Truffe agli anziani, allarme a Enna: i soci della Banca del tempo incontrano i carabinieri

Continua a destare preoccupazione il fenomeno delle truffe ai danni degli anziani, in particolare quelle messe in atto con la tecnica del cosiddetto “finto carabiniere”, un raggiro ormai diffuso su scala nazionale e capace di colpire le fasce più fragili della popolazione.

L’incontro con i soci della Banca del tempo

Per contrastare questo tipo di reati e promuovere una maggiore consapevolezza, il comandante del Reparto operativo dei carabinieri di Enna, colonnello Antonino Restuccia, insieme al maresciallo Salvatore Dragotta, ha incontrato i soci della Banca del Tempo in un momento di confronto dedicato alla prevenzione.

Nel corso dell’incontro, i militari hanno illustrato le modalità più ricorrenti utilizzate dai truffatori, evidenziando come questi facciano leva soprattutto sull’emotività delle vittime. Tra le tecniche più diffuse figurano falsi allarmi, come presunte fughe di gas, oppure richieste urgenti di denaro per aiutare familiari in difficoltà giudiziarie inesistenti. “Conoscere questi meccanismi è fondamentale per difendersi”, ha spiegato Restuccia, sottolineando come i malviventi adottino strategie sempre più sofisticate, pur mantenendo schemi ricorrenti.

La presidente della Banca del Tempo

A fare gli onori di casa è stata la presidente della Banca del Tempo, Rita Lo Giudice La Paglia, che ha evidenziato l’importanza dell’iniziativa: “Si tratta di indicazioni preziose che aiutano a riconoscere segnali sospetti e a evitare situazioni pericolose”.

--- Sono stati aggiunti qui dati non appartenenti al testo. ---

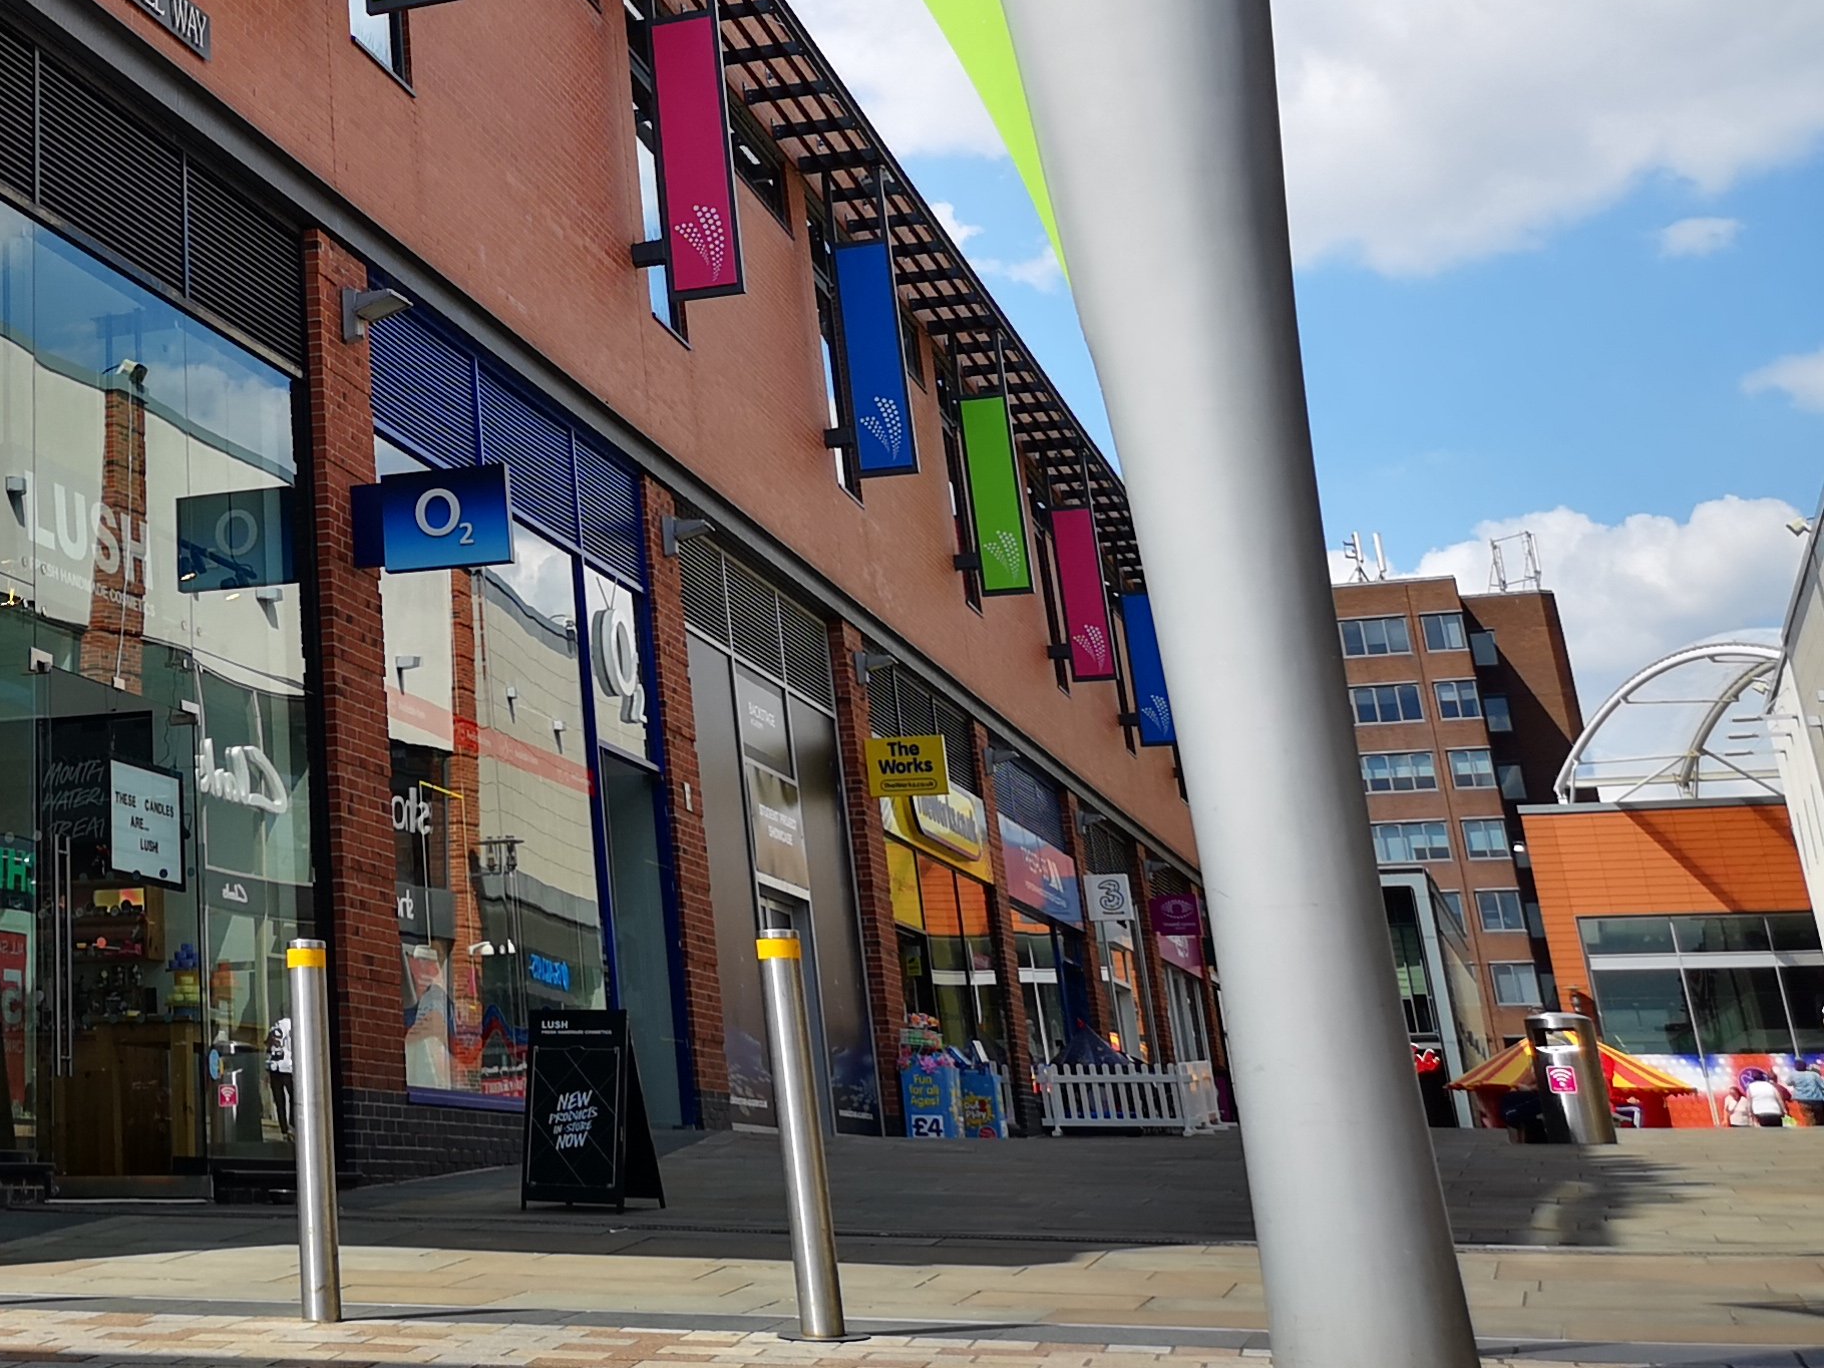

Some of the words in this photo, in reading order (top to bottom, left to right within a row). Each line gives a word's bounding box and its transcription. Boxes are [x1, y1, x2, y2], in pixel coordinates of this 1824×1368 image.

[415, 488, 474, 545] O2
[24, 470, 153, 590] LUSH
[886, 740, 920, 757] The
[878, 758, 934, 775] Works
[114, 790, 137, 808] THESE
[144, 799, 175, 818] CANDLES
[541, 1020, 569, 1029] LUSH
[556, 1089, 593, 1112] NEW
[548, 1106, 598, 1125] PRODUCTS
[912, 1117, 943, 1137] £4
[555, 1131, 588, 1151] NOW

Durante l’incontro sono stati forniti consigli pratici: non aprire la porta a sconosciuti, diffidare da tesserini mostrati senza possibilità di verifica e non consegnare denaro o oggetti di valore a chi si presenta come appartenente alle forze dell’ordine o professionisti.

Particolare attenzione è stata rivolta anche ai rischi legati all’utilizzo di internet, con l’invito a non condividere dati sensibili e a mantenere un atteggiamento prudente nelle comunicazioni online. I carabinieri hanno inoltre ricordato come i truffatori possano agire anche in luoghi pubblici, sfruttando distrazioni o contatti apparentemente casuali per mettere a segno furti. Fondamentale, in caso di dubbio o pericolo, contattare immediatamente il numero unico di emergenza 112.